We live in a world of constant information. Just think about your day so far. Here’s how my morning looked:

Alarm turns on the radio: government minister being grilled over education policy.

Walk the dog, headphones firmly in, listening to a film review podcast.

Make the kids packed lunches with radio in the background, trying to stop our youngest from activating Alexa and playing the Power Rangers theme song at ear bleeding levels. (Tell me: Why is it, when I shout, “Alexa, stop,” she doesn’t, but when my kids tell her to stop, she immediately does?)

Scan the news app: politics, economy, sports, economy, politics.

Check the weather app: rain.

I’ve only been awake for 45 minutes, and already my senses have been subjected to a barrage of information.

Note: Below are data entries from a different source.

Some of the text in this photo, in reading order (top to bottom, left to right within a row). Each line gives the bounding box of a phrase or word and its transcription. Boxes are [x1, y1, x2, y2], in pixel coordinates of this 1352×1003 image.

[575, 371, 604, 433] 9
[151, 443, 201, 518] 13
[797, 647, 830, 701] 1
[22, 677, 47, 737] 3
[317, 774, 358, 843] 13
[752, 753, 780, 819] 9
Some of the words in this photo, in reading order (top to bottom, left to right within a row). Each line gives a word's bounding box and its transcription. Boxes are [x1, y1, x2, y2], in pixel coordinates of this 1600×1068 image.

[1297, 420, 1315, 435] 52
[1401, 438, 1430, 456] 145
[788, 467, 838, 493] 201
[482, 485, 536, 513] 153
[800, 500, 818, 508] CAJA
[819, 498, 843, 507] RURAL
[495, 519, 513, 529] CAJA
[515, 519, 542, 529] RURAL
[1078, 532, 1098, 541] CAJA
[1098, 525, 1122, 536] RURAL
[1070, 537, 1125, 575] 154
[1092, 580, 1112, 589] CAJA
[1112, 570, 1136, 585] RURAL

Technology experts have stated that the amount of recorded information generated from the dawn of humanity to 2003 was in the order of five exabytes of data, where an exabyte indicates 1,000,000,000,000,000,000 bytes. From 2003 to 2010, we generated an additional five exabytes. By 2018, 90% of the world’s data had been generated in the previous two years alone. When you consider that 400 hours of new video is uploaded to YouTube every minute, it’s hardly surprising. That’s a lot of prank videos to get through.

Telling stories

But people don’t take on information as bytes. Our smartphones might be downloading bytes of information, but our brains aren’t—the unit our minds and hearts operate in is stories. Now when I say “stories,” I don’t mean the sort of stories you were taught to write in school, with a beginning, a middle, and an end (usually a very predictable one). These stories are all the experiences, feelings, imagination, and ideas that we communicate from one human being to another. We read them in the newspaper, we watch them at the movies, we hear them sung from the car stereo, we glance at them on Instagram, we frame them in our homes.

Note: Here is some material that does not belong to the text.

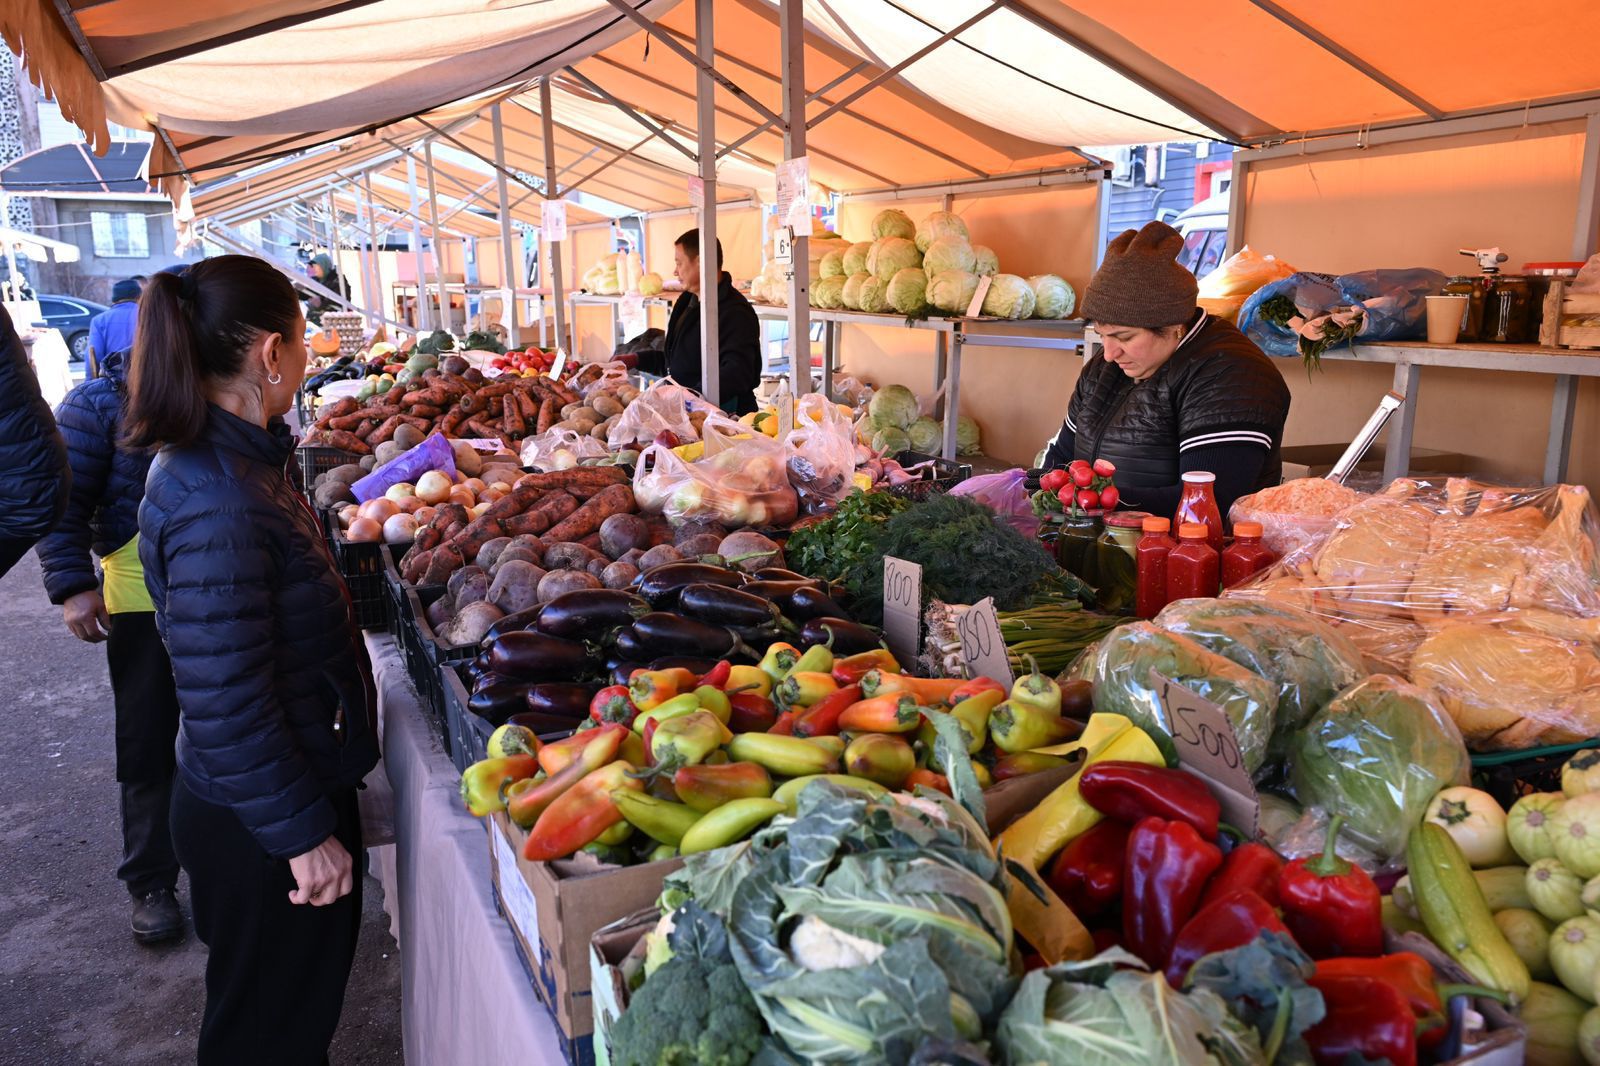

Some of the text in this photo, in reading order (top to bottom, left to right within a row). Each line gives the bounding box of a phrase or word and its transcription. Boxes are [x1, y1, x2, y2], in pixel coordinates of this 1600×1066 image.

[886, 561, 912, 606] 800
[958, 609, 991, 663] 850
[1162, 682, 1238, 769] 1500

All of us spend a lot of our waking moments taking in, and telling, these cultural stories. Recent research showed that the average American consumes over 10 hours of media every day. It’s thought that you’ll spend seven and a half years of your life watching TV, and over five years on social media. But there are so many hours in a day, right? No wonder that it’s been said of the TV streaming service Netflix that their greatest competition isn’t another company but the human need for sleep.

Yet many of us find this barrage of information overwhelming, at least some of the time. And for Christians, there’s an added question: how do we know what’s right? As followers of Jesus, we want to think, speak and act in a way that honors him. We want to “set [our] minds on things above” (Col. 3:2), but in reality, most of the time our minds are submerged in a constant stream of stories. The problem is not that these cultural stories are bad in and of themselves; it’s more that we’re ill-equipped to know quite what to make of them. How does what I watch on a Saturday night link with what I hear at church on a Sunday morning? We barely begin to think about it before the next thing starts on autoplay. So more often, we just don’t.

Three reactions

So what do we do? I think many Christians respond to culture in one of three ways (and the rest of us respond in a mixture of all three).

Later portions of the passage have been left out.